My lifelong favorite band broke up when I was a bit too young to have ever had a chance to attend a concert, and they notoriously hated each other too much to reunite, so I accepted years ago that I never would get to see them play live. Amazingly, a few years ago they decide to do one short tour, and one of the stops is in my city!

Since I am at work when the tickets go on sale and my boyfriend has the day off, he offers to get the tickets. He successfully buys them and I am very excited!

A couple months later it is the month of the concert. He gets his work schedule and sees he is booked to work the day of the concert and the day after — out-of-town work, so impossible to come home for the evening. I assume he would trade shifts with someone or, worst case scenario, sell or give me his ticket. It’s THE concert of my life so of course he wouldn’t spoil it for me, right?

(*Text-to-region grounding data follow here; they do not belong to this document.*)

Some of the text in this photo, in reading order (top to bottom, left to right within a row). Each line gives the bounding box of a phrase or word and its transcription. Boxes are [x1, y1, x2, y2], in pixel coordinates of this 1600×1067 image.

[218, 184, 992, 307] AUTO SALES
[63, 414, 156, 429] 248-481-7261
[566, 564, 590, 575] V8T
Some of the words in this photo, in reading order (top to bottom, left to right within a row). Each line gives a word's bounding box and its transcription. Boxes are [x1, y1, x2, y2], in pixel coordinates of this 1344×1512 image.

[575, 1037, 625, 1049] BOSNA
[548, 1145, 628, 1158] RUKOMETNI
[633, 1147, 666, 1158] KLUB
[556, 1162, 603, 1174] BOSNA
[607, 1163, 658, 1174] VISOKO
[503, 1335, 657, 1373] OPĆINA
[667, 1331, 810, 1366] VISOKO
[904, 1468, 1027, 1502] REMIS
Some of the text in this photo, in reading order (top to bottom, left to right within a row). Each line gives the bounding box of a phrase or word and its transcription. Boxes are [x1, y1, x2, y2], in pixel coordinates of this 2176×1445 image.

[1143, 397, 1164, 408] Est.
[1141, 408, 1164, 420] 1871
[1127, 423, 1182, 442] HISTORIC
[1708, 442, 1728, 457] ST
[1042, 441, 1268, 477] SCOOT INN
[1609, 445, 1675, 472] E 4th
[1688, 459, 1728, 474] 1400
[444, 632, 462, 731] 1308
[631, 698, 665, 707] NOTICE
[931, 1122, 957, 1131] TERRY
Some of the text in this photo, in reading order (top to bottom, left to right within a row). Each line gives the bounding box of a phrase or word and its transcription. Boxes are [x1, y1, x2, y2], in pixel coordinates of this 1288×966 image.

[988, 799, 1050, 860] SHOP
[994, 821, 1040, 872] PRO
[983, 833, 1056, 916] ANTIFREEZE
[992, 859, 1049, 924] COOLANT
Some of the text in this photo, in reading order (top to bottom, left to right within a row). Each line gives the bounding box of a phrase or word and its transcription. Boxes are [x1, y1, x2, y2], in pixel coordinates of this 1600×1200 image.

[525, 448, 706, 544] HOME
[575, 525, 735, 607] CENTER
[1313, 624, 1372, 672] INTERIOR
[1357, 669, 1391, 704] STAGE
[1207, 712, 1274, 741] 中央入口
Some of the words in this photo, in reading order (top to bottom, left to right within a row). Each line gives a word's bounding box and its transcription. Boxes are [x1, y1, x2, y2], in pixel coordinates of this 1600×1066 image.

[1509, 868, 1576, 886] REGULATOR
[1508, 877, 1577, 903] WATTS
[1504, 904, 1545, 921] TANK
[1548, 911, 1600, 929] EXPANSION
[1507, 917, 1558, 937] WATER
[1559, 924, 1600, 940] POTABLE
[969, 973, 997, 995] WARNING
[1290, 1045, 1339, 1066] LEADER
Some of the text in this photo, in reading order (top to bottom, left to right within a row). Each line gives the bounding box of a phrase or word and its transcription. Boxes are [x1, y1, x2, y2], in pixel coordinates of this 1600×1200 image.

A couple weeks before the concert I ask to get the tickets from him since he is for-sure not getting the days off. He casually tells me that he gave the tickets away, because he couldn’t go, and they were his tickets, so why would he keep them if he couldn’t use them? No explanation of why I would not have been the first person he’d offer them to. If I’d known he considered them “his” tickets, I would have fought harder to pay him for one so I’d have rights. Or I would have snuck away during work on ticket-sales day and got my own tickets.

Dude screwed me out of seeing my favorite band, an opportunity that will never happen again, and he didn’t even apologize. In his slimy little brain he had done nothing wrong!

No, things didn’t work out between us.